Bu tanımı bilsin ya da bilmesin her birey günlük yaşamda kendine göre bir politika izler. Ama politika kitleler adına yapılırsa bu malını pazarlayan tüccarın durumu gibi olur. Bu pazarlamada politikacı, yani politikayı meslek edinen kişi bir kazanç umarak yapar. Bu kazanç illa da para olmaz. Bazen itibar, bazen partisine oy, bazen kendisine makam en çok da kendi görüşüne iktidarı kazandırmak için olabilir.

Kapitalist sistemde parlamentolarda yer alan üyeler bazı yerlerde parlamenter, bizde milletvekili olarak anılır. İsminden de anlaşıldığı gibi bunlar milletin ya da seçildiği kentin vekilleridirler. Bu sistem burjuvazi açısından iyi düşünülmüş bir sistemdir. Ve bu sisteme “demokrasi” denmiştir.

Demokrasi bütün kitleleri  içine çeken sihirli bir kavram. Ama aynı zamanda toplumdaki sınıf ayrımlarının üstünü örten bir kavram. Öyle ya milletin vekili, hepimizin çıkarını ücretsiz savunacak bir vekil. Bu örgütsüz kitlelerin işine gelen de bir sistemdir. Ben taşın altına elimi sokmayayım oy verip “demokratik görev”imi yapayım. Vekiller donanımlı, bilinçli, konuşunca bilinçsiz kitleler “bu vekil benim hakkımı benden iyi savunur” diyerek oy verir; ya da “bu benim dinimden, mezhebimden”; “bu benim milliyetimden” ya da “benim partimden” diyerek oy verir. Bütün bunlar kapitalist sistemin esas özünü kapatmak için iyi bir örtüdür. Toplumdaki her türlü sınıf ayrımları, işçi ile patron; sömürenle sömürülen arasındaki ayrımlar bu demokrasi oyununda görünmez olur.

Bunlar arasında ben işçilerin partisiyim, köylülerin partisiyim diyenler de olabilir. Böyle deseler de bu partiler o sınıfların iradesini yansıtmaz. Çünkü kendi sınıf politikalarına kendileri karar vermezler. Verseler ve hatta iktidara gelecek oyu alsalar dahi kapitalist sistem onlara iktidarı vermeyecek kadar donanımlıdır. Bu partiler samimi olsalar bile onların iradesinden bağımsız olarak işçilerin örgütlenmesinde kafa karışıklığı ya da sendika mı parti mi ikilemi oluşacaktır.

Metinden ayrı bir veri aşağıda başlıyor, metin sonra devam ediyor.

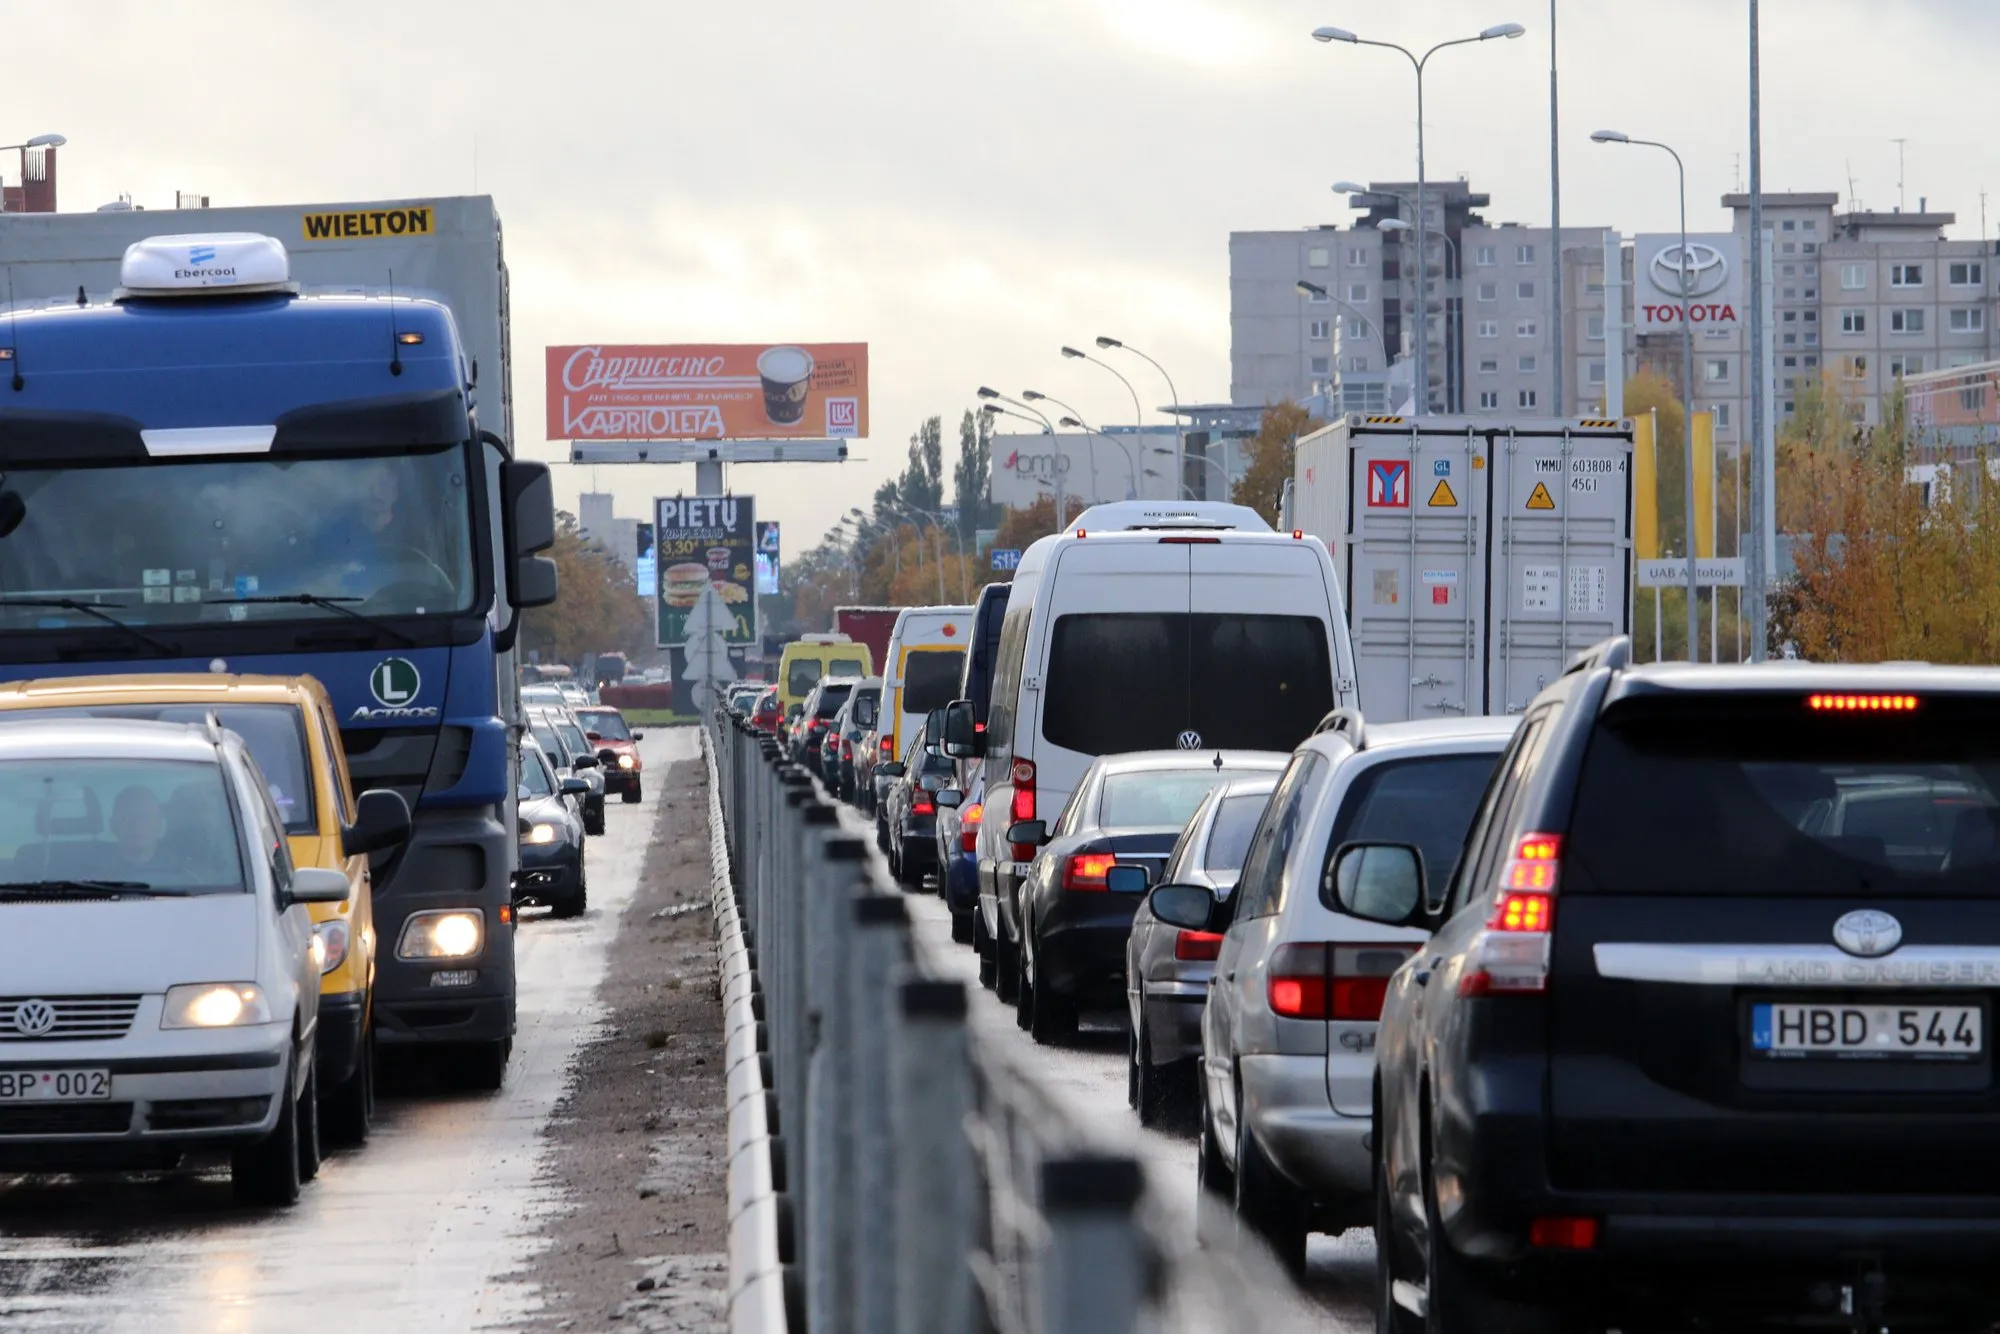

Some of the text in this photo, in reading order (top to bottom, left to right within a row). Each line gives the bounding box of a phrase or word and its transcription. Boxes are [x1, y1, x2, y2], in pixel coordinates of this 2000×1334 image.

Onun için bu sistemin değiştirilmesi için, emekçi sınıflar kendi iradesini yansıtan bir temsil sistemi oluşturmalılar. Bunun yolu da burjuva parlamentosundan ayrı olarak üretim temelli örgütlenme yani sınıf sendikaları ve meslek örgütleri temsilcilerinden oluşacak temsilciler meclisi şeklinde olmalıdır.